March 06, 2020: FLOE infrastructure

Present: Cindy, Colin, Jutta, Ned, Philip, Ted

Video Recording

Google Doc

Notes:

Not a one-size-fits-all across all resources but rather to match or find resources to match a particular learning goal. 

Exploration for students to discover their learning needs.

A way to reach out to vendors to deliver various forms of learning material.

Funders can have the data of learning gaps.

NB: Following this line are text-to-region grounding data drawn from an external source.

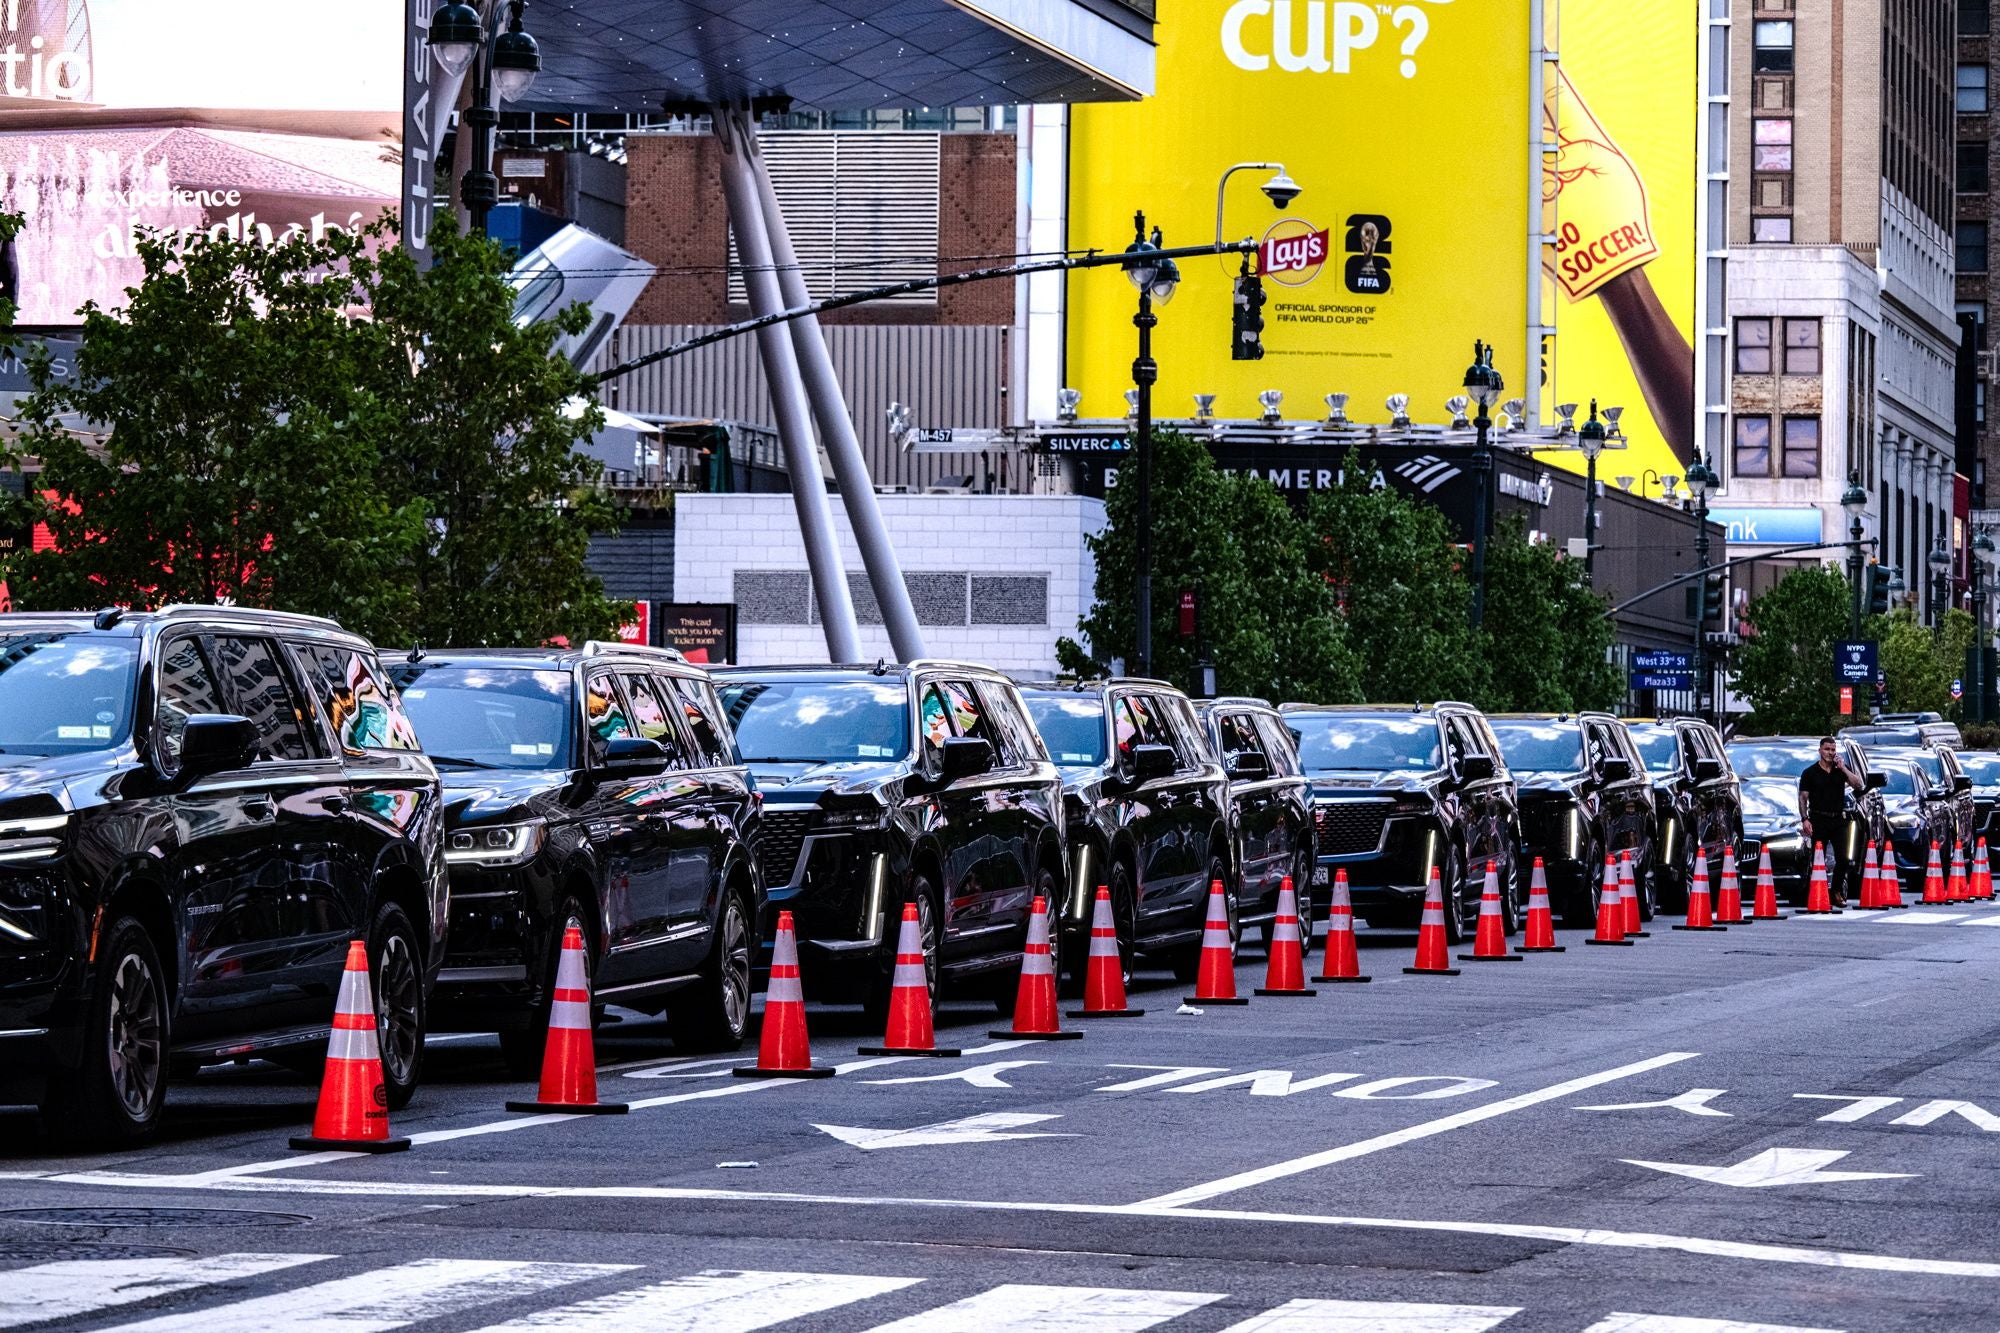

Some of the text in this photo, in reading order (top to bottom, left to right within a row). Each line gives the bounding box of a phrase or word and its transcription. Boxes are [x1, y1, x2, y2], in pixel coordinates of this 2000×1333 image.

[0, 35, 90, 97] tio
[411, 0, 432, 250] CHASE
[104, 185, 242, 210] experience
[1266, 232, 1325, 273] Lay's
[1561, 221, 1647, 282] SOCCER!
[1357, 277, 1380, 288] FIFA
[1274, 303, 1376, 314] OFFICIAL SPONSOR OF
[1277, 314, 1297, 322] FIFA
[1300, 315, 1334, 324] WORLD
[1335, 315, 1355, 324] CUP
[919, 430, 952, 442] M-457
[1050, 438, 1132, 450] SILVERCAS
[1250, 468, 1387, 490] AMERIA
[1846, 644, 1866, 652] NYPD
[1636, 656, 1686, 666] West 33rd St
[1843, 663, 1869, 671] Security
[1644, 676, 1677, 687] Plaza33

Difficulties with metadata:

  1. Manual metadata is crappy. Ppl don’t do it right
  2. Not extensive enough to cover learning goals


FLOE diagram: https://wiki.fluidproject.org/display/fluid/%28Floe%29+Diagrams?preview=/24945059/30048450/FLOE.jpg

There should be a more recent diagram

GOORU(http://gooru.org/about/): a search engine for OER

Colin asked about who: Informal self study groups for lifelong learning or closer to more formalized education (schools and classes).

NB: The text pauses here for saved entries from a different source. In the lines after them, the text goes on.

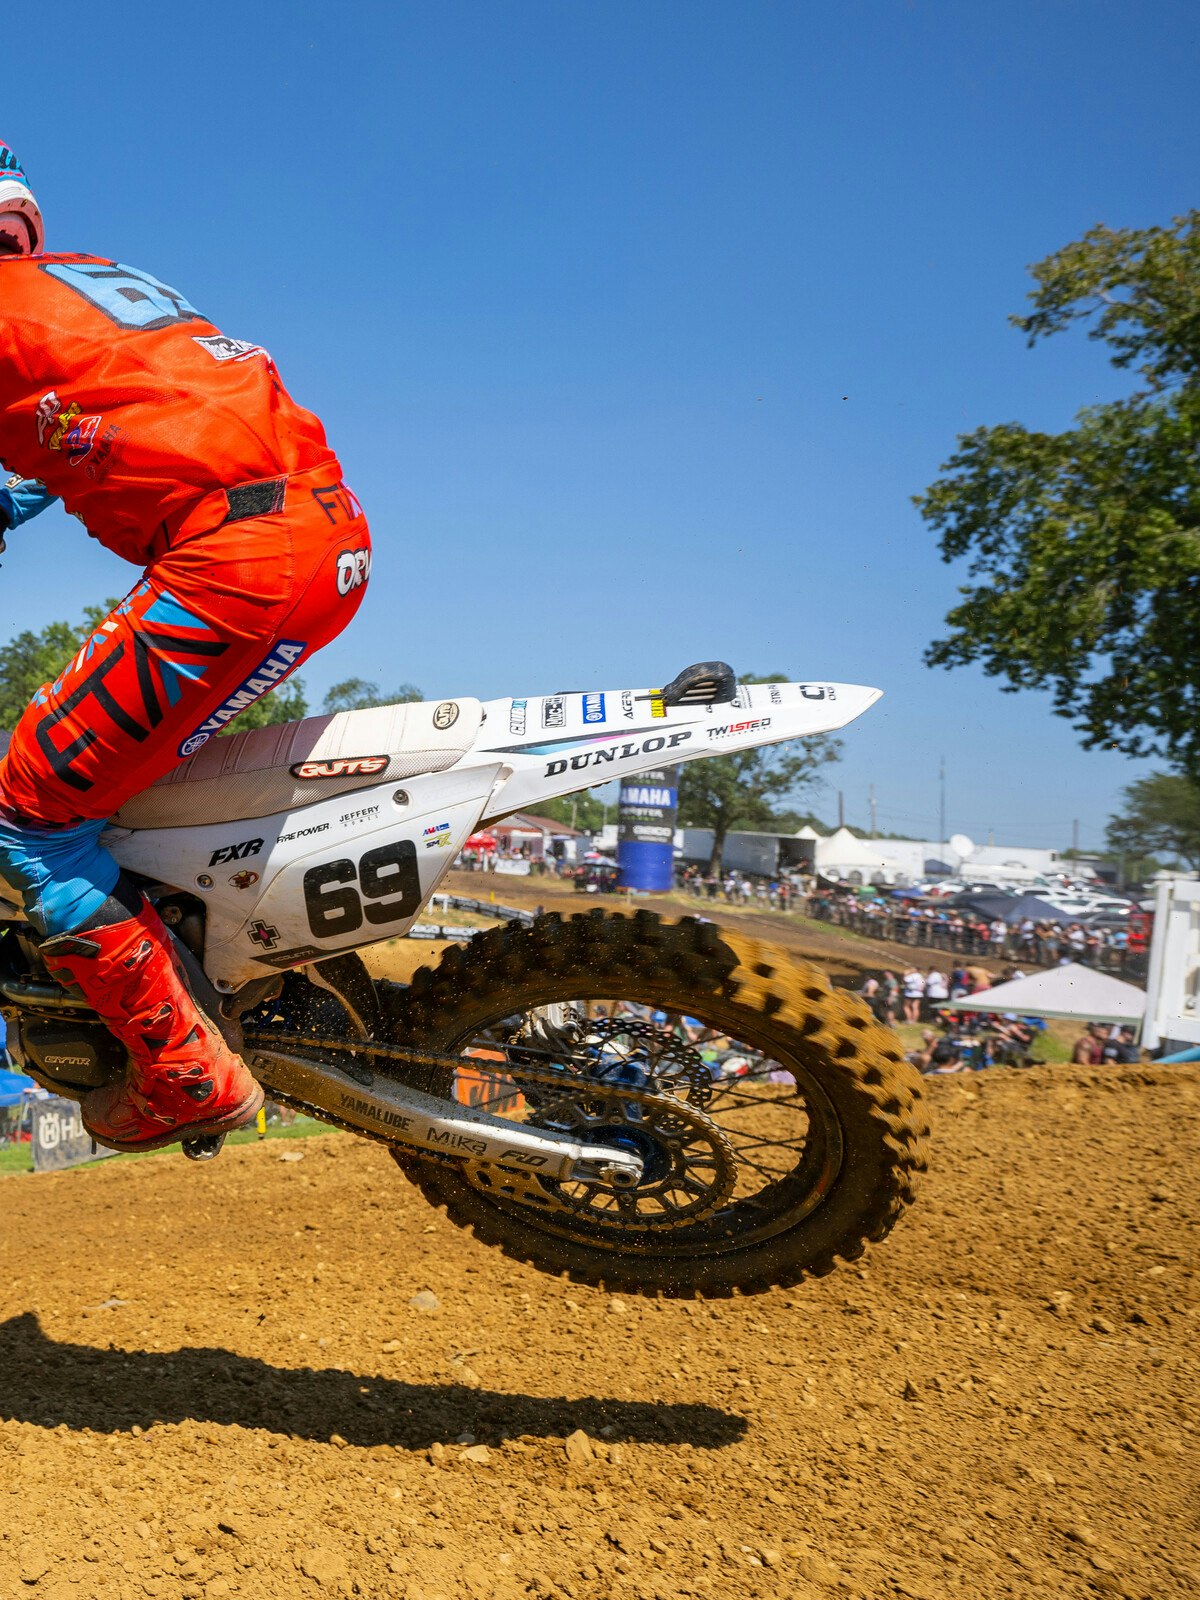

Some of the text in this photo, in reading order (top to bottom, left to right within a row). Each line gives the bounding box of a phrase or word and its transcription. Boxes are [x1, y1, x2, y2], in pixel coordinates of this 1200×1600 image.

[90, 424, 121, 465] YAMAHA
[199, 642, 303, 731] YAMAHA
[299, 756, 388, 778] GUTS
[544, 731, 692, 778] DUNLOP
[621, 787, 671, 806] AMAHA
[339, 805, 380, 822] JEFFERY
[297, 823, 330, 838] POWER
[208, 838, 265, 868] FXR
[303, 839, 422, 939] 69
[340, 1093, 413, 1131] YAMALUBE
[426, 1126, 488, 1153] Mika

Jutta: OSEP (Special Education Department in US) asked us to revisit the notion of teachers to gather content packages of a number of resources to meet the needs of their students. This would be a good use case. They are asked to work with some schools here that can provide formal requirements, testing and timelines. Issues with formal schools:

  1. Cannot break at what students learn and what they want to learn
  2. Where do learning resources come from, from federal repository or wild web? Or are they within the gated network


Ted: what data should we collect and present

Jutta: we don’t know what the whole set is. That’s why students need to constantly reflect and give feedback on it

Philip: Relating to this city work, there’s a pretty interesting discussion in this paper about what happens when citizens are empowered to critique their urban environment: http://www.klokmose.net/clemens/wp-content/uploads/2016/06/PDC2016-final.pdf
section 5.2

Other relevant IDRC projects to look at: Nexus, discovery tools, gpii, floe, myl3, social justice repair kit, CISL, toolkit for justice

Ted: AI and machine learning can be used in WeCount to recommend tools. The bias of AI in recommending is relatively fair and can be customized to particular users.

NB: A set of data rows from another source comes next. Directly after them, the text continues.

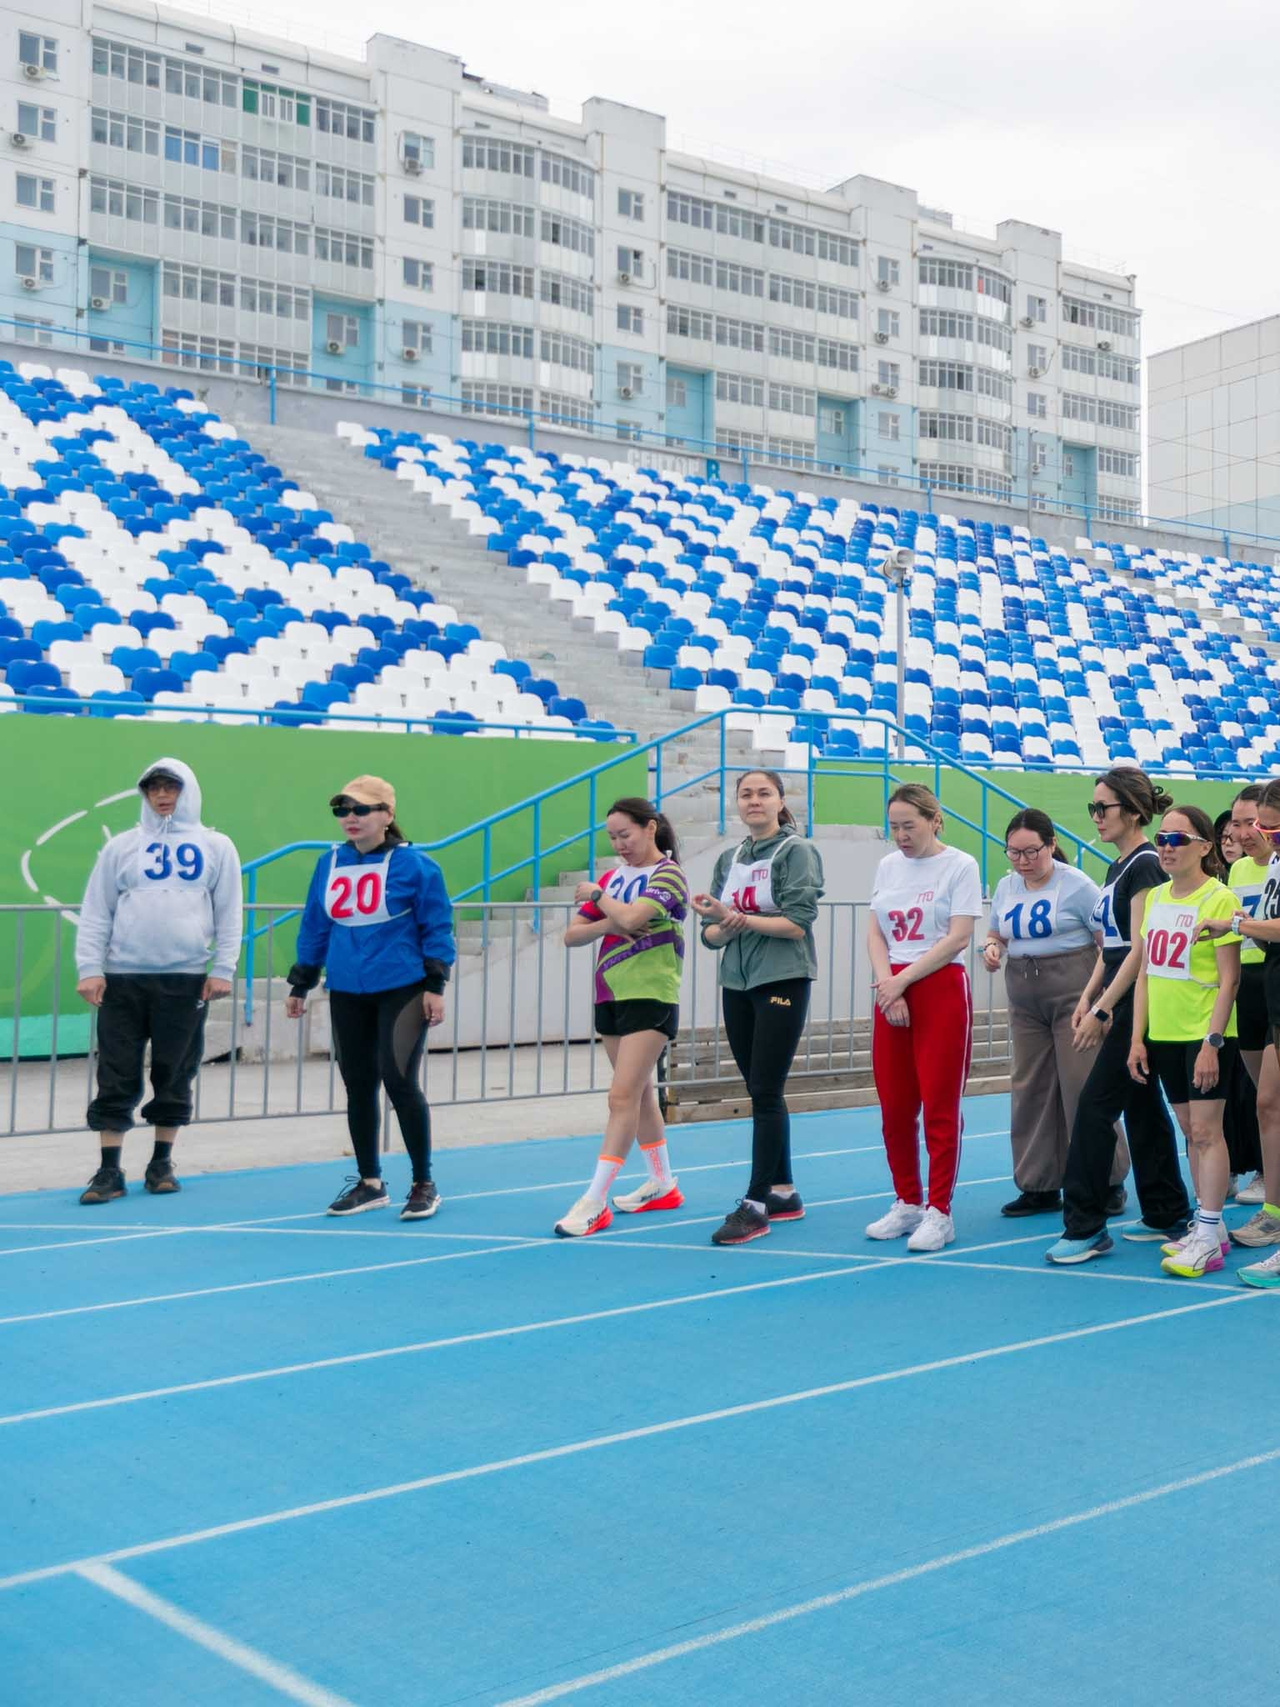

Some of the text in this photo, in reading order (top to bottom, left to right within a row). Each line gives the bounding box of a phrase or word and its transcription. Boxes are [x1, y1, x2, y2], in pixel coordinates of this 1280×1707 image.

[144, 842, 204, 881] 39
[330, 872, 382, 919] 20
[732, 886, 760, 913] 14
[888, 907, 925, 942] 32
[1004, 899, 1052, 940] 18
[1147, 929, 1188, 969] 102
[770, 996, 791, 1006] FILA

The goal of FLOE infrastructure:

  1. Explore how we can use AI to help with making learning more accessible
  2. Gaining insides and outsides of data science, its risks and problems
  3. Serve students and teachers


The starting point:

  1. Designers: Reach out to a learning group who have learning goals. Understand their learning requests and build use cases.
  2. Developers: discover functionalities from other projects that we can reuse or repurpose as well as functionalities that we need but haven’t developed.


An overview of FLOE infrastructure:

  1. Build based on FLOE diagram: https://wiki.fluidproject.org/display/fluid/%28Floe%29+Diagrams?preview=/24945059/30048450/FLOE.jpg
  2. Learners have their learning goals. These goals can be functional goals (learn it when you do) or notional goals (learning particular subjects such as art)
  3. Provide tools to help learners to explore and discover their learning needs, such as using glossaries, examples, pairing up with someone, or a late night learner. Learners should be able to configure what parameters they’d like to record or track.
  4. Matching engine: create a non-black box, transparent system that gives ppl control and choices to automate the decisions, which is important for ppl who are not represented by the standard data set. AI will be used in this engine to find learning material and tools to meet particular learning goals. The matching results for notional topics should wind down to presentation or non-subject oriented parts of it so learners can consume and understand faster.
  5. Learners provide feedback to reflect on what works well or doesn’t work well for them. The matching engine will improve results based on their feedback.


One possible outcome of this project could be:

  1. Pick a particular use case.
  2. Implement a data science tool around this scenario where we can explore risks and problems of the application of data science.